--- DATA TO PROCESS Enclosed Below ---
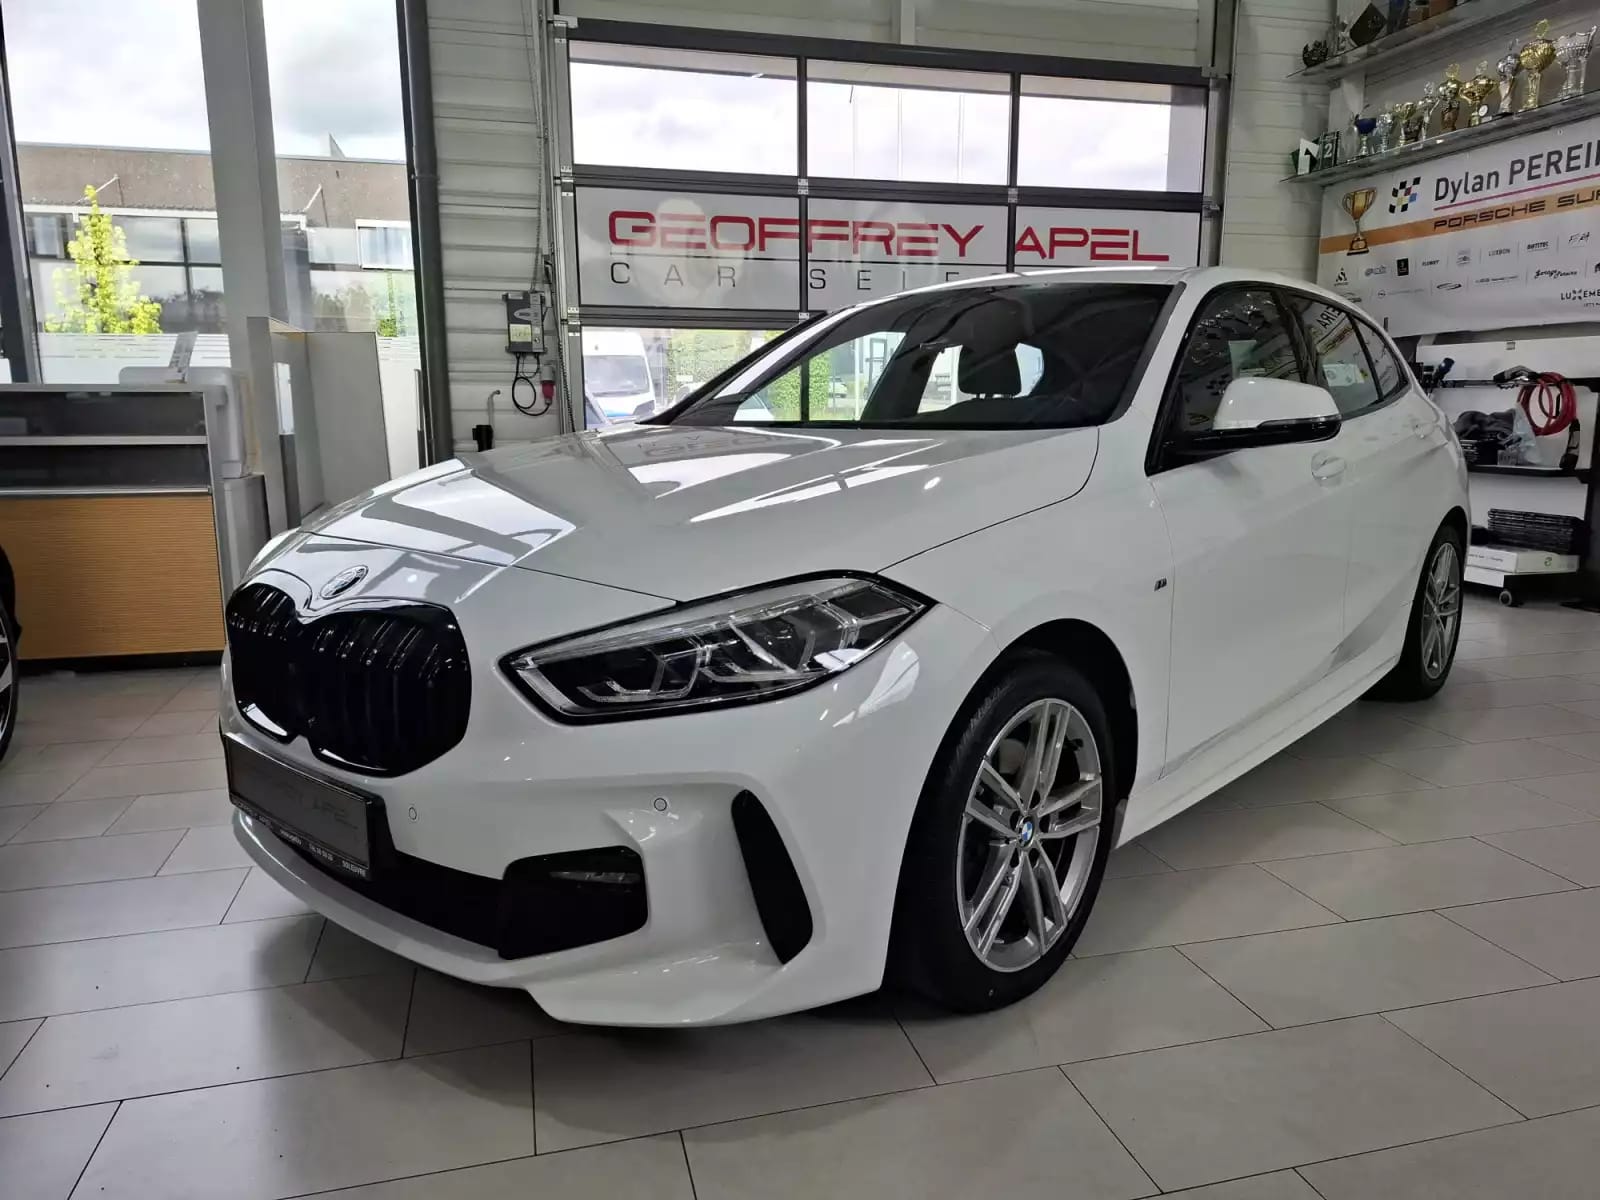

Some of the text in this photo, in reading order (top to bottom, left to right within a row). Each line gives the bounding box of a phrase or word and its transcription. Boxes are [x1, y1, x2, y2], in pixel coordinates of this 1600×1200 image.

[1434, 139, 1600, 203] Dylan PEREI
[608, 210, 1170, 261] GEOFFREY APEL
[1433, 200, 1546, 231] PORSCHE
[610, 261, 736, 288] CAR
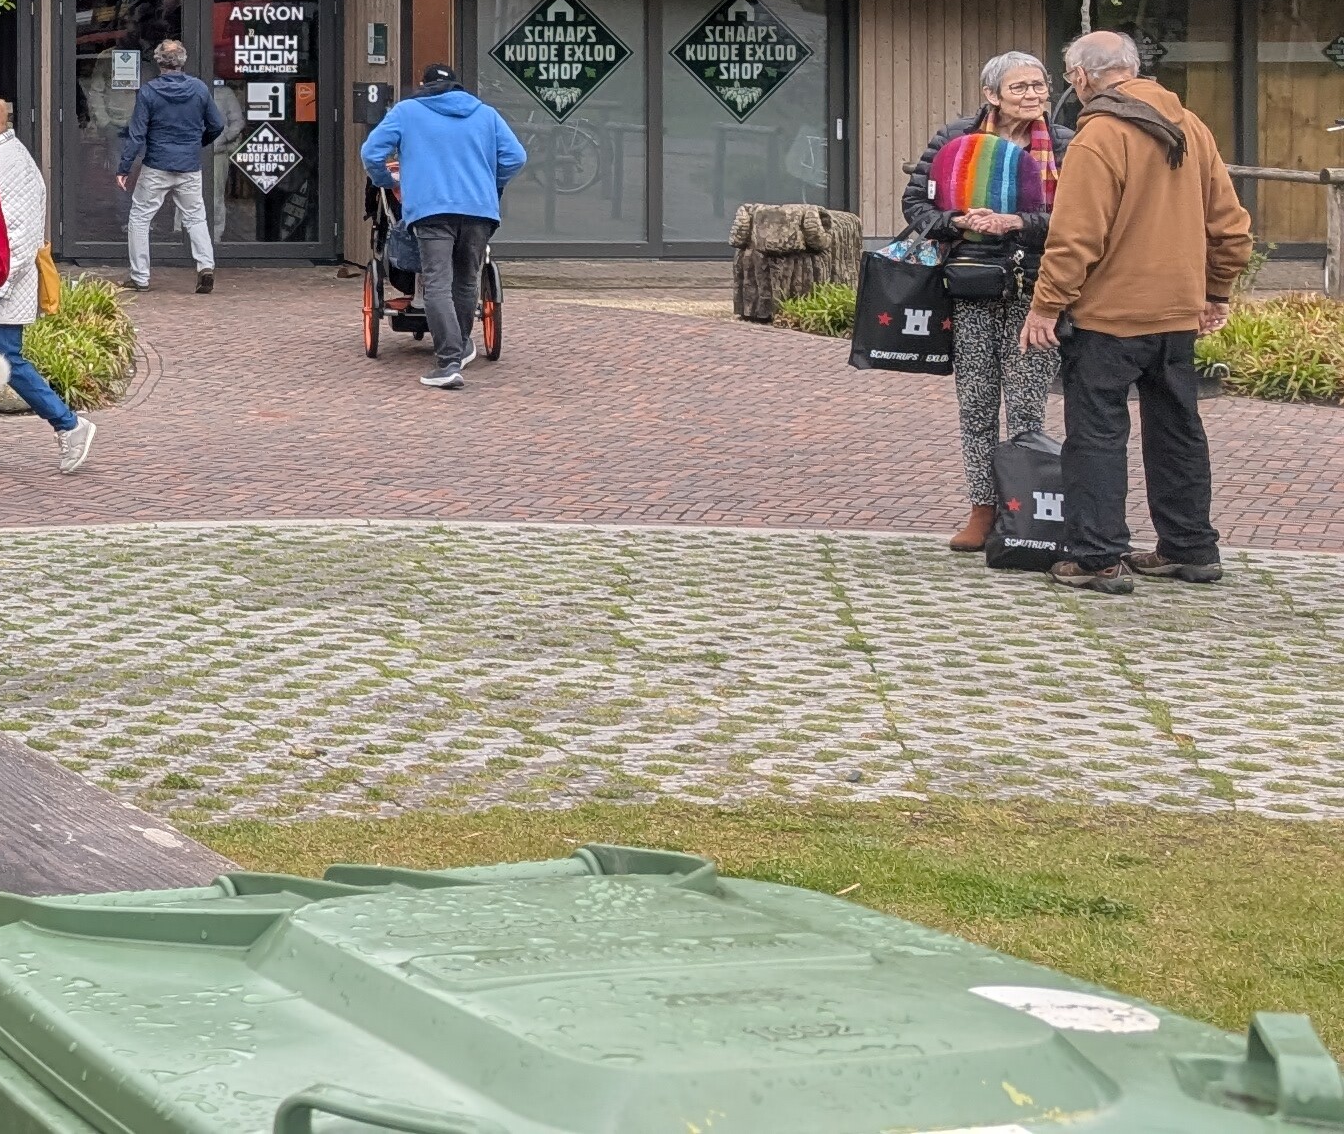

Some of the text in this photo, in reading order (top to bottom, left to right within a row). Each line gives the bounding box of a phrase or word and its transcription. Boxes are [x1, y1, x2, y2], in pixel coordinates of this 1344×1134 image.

[524, 26, 597, 43] SCHAAPS
[705, 26, 778, 43] SCHAAPS
[235, 35, 298, 50] LUNCH
[235, 50, 298, 64] ROOM
[504, 45, 616, 62] KUDDE EXLOO
[685, 44, 797, 62] KUDDE EXLOO
[235, 65, 298, 73] HALLENHOES
[538, 63, 583, 80] SHOP
[719, 62, 764, 80] SHOP
[367, 84, 379, 103] 8
[246, 143, 286, 153] SCHAAPS
[236, 153, 296, 163] KUDDE EXLOO
[254, 163, 279, 173] SHOP
[870, 349, 920, 361] SCHUTRUPS
[1004, 537, 1057, 551] SCHUTRUPS
--- End of Enclosed DATA TO PROCESS ---
→ **WORK REQUEST**
Return all of the data exactly as written, and drop the pictures.

→ **SOLUTION TO THE PROBLEM**
Some of the text in this photo, in reading order (top to bottom, left to right within a row). Each line gives the bounding box of a phrase or word and its transcription. Boxes are [x1, y1, x2, y2], in pixel coordinates of this 1600×1200 image.

[1434, 139, 1600, 203] Dylan PEREI
[608, 210, 1170, 261] GEOFFREY APEL
[1433, 200, 1546, 231] PORSCHE
[610, 261, 736, 288] CAR

Some of the text in this photo, in reading order (top to bottom, left to right within a row). Each line gives the bounding box of a phrase or word and its transcription. Boxes are [x1, y1, x2, y2], in pixel coordinates of this 1344×1134 image.

[524, 26, 597, 43] SCHAAPS
[705, 26, 778, 43] SCHAAPS
[235, 35, 298, 50] LUNCH
[235, 50, 298, 64] ROOM
[504, 45, 616, 62] KUDDE EXLOO
[685, 44, 797, 62] KUDDE EXLOO
[235, 65, 298, 73] HALLENHOES
[538, 63, 583, 80] SHOP
[719, 62, 764, 80] SHOP
[367, 84, 379, 103] 8
[246, 143, 286, 153] SCHAAPS
[236, 153, 296, 163] KUDDE EXLOO
[254, 163, 279, 173] SHOP
[870, 349, 920, 361] SCHUTRUPS
[1004, 537, 1057, 551] SCHUTRUPS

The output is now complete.